• **TASK STATEMENT**:
Nothing in the records may be altered, and no picture may be included. Restate them in full.

• **RECORDED DATA**:
"""
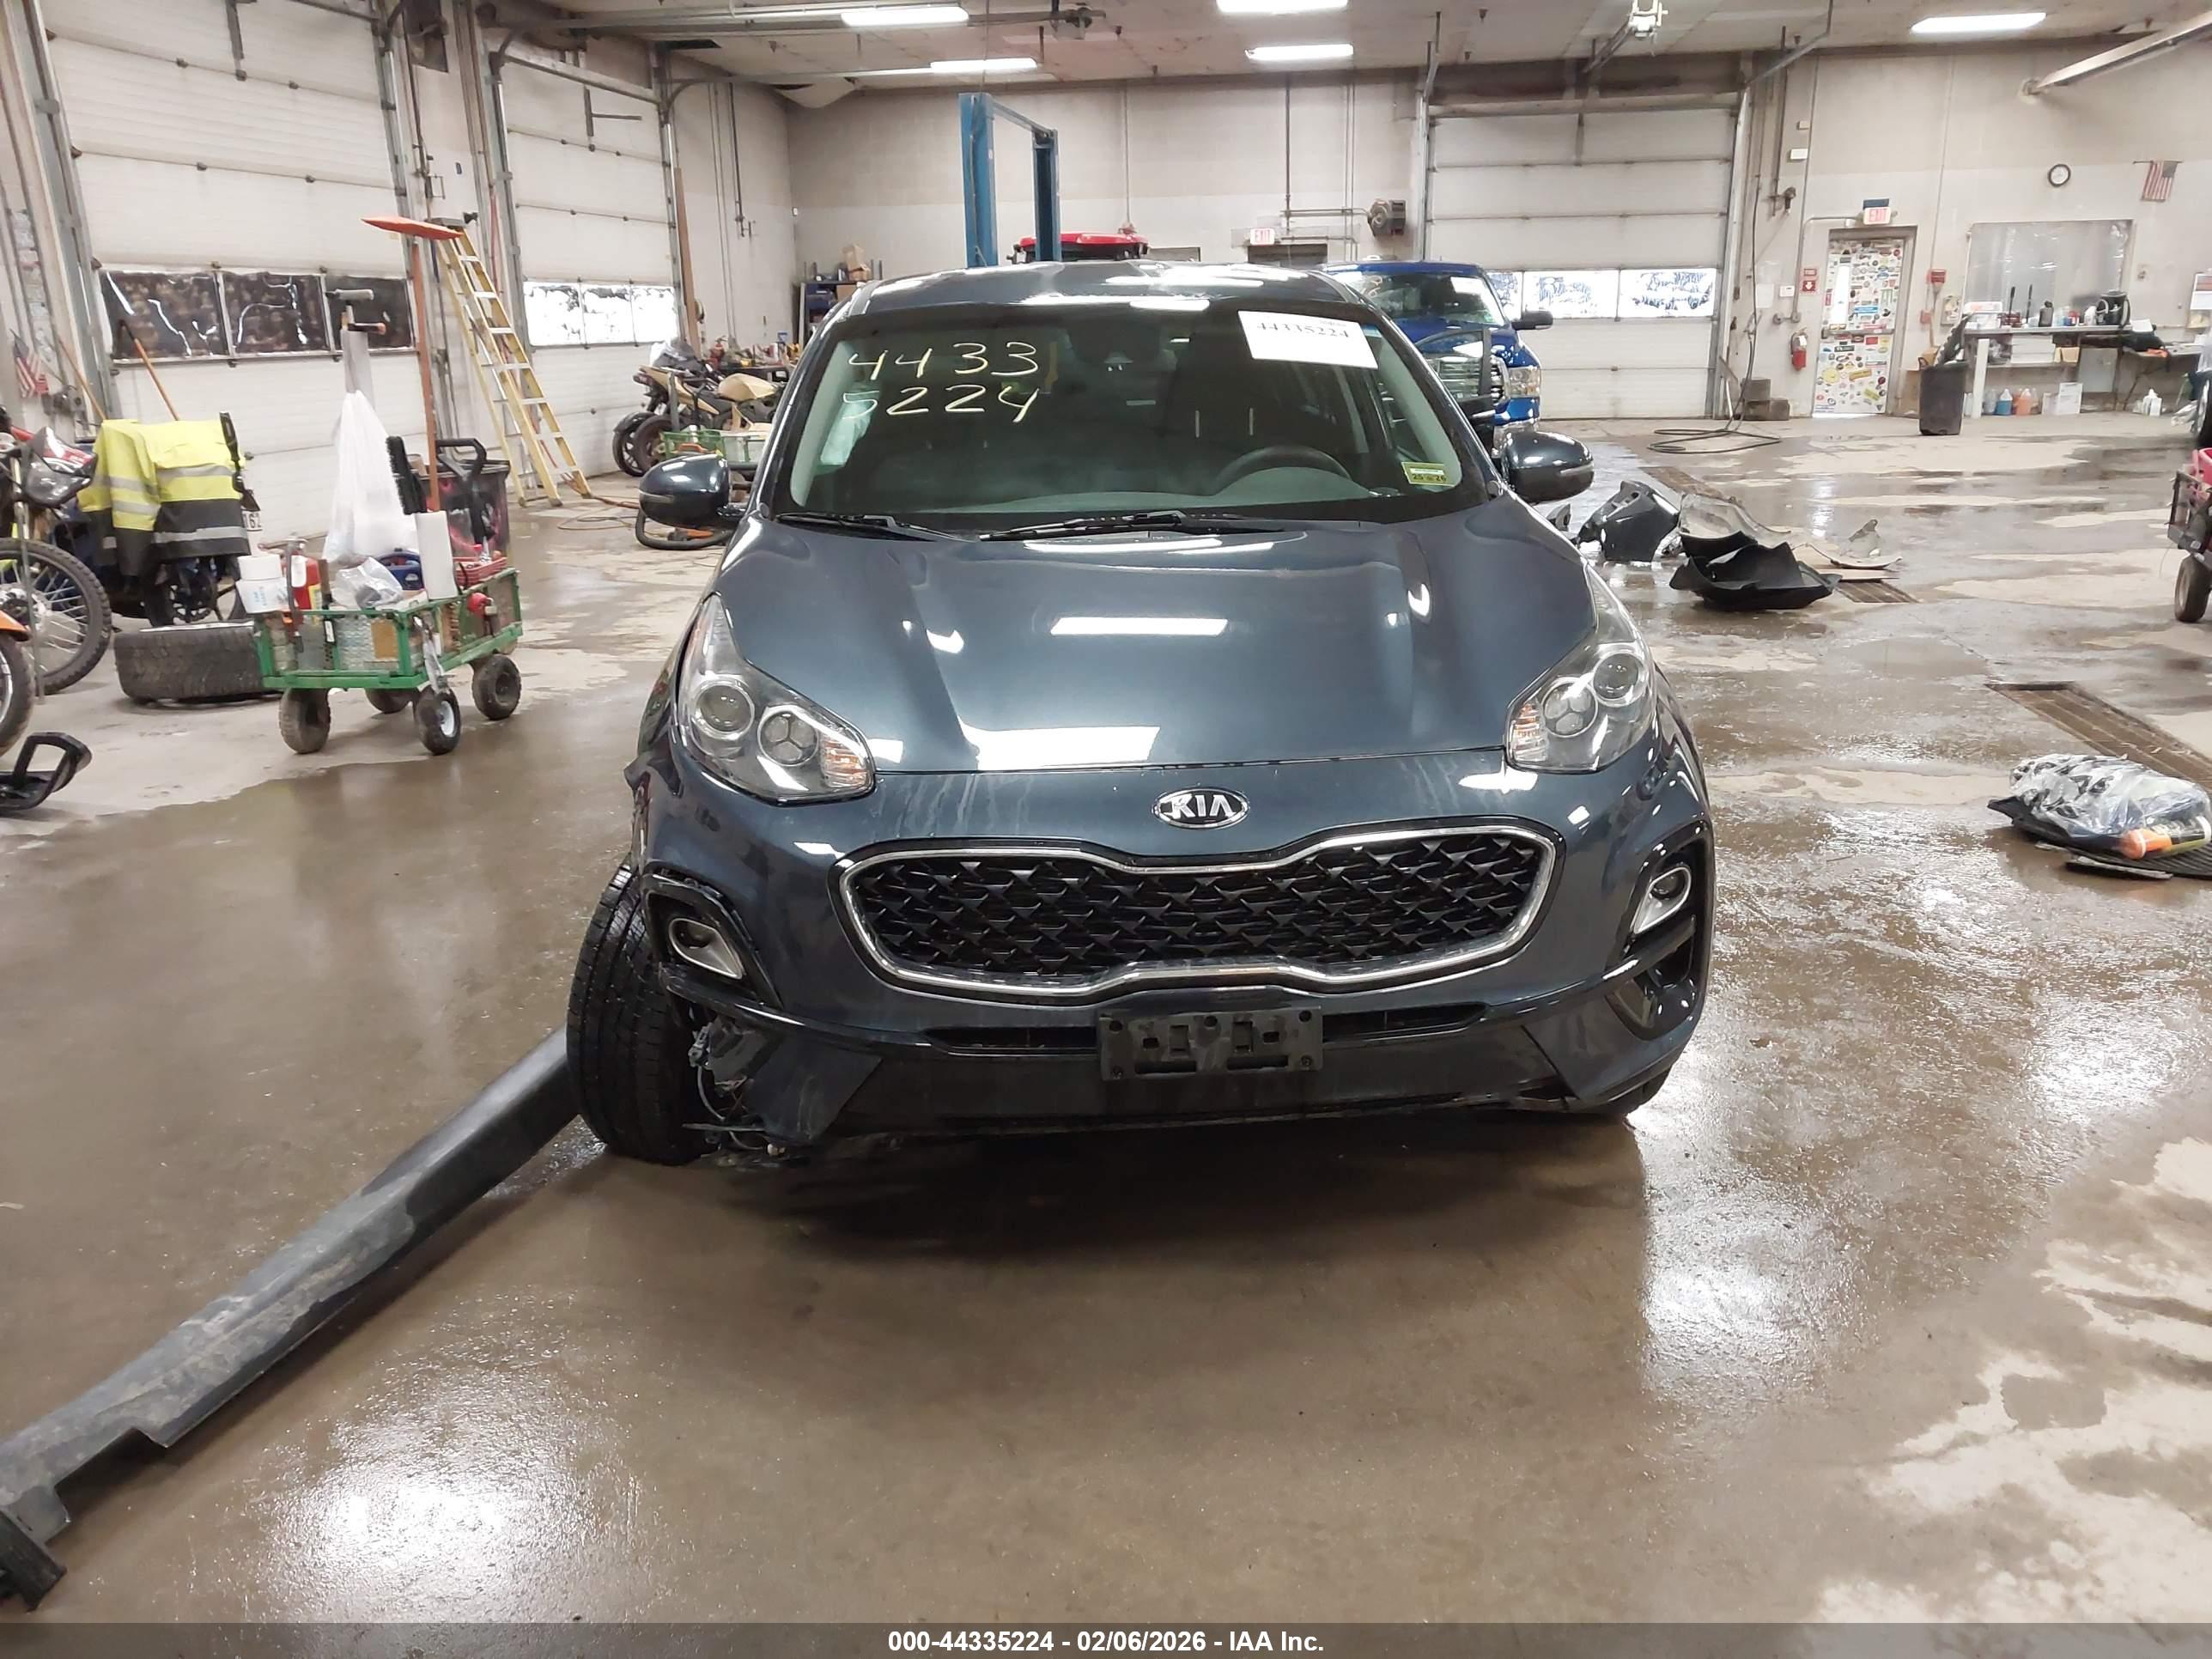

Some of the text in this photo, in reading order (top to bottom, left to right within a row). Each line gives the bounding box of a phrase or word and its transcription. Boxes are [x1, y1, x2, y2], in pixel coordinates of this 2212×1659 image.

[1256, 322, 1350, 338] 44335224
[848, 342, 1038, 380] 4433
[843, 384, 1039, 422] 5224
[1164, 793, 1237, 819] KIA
"""
• **EXERCISE OUTPUT**:
Some of the text in this photo, in reading order (top to bottom, left to right within a row). Each line gives the bounding box of a phrase or word and its transcription. Boxes are [x1, y1, x2, y2], in pixel coordinates of this 2212×1659 image.

[1256, 322, 1350, 338] 44335224
[848, 342, 1038, 380] 4433
[843, 384, 1039, 422] 5224
[1164, 793, 1237, 819] KIA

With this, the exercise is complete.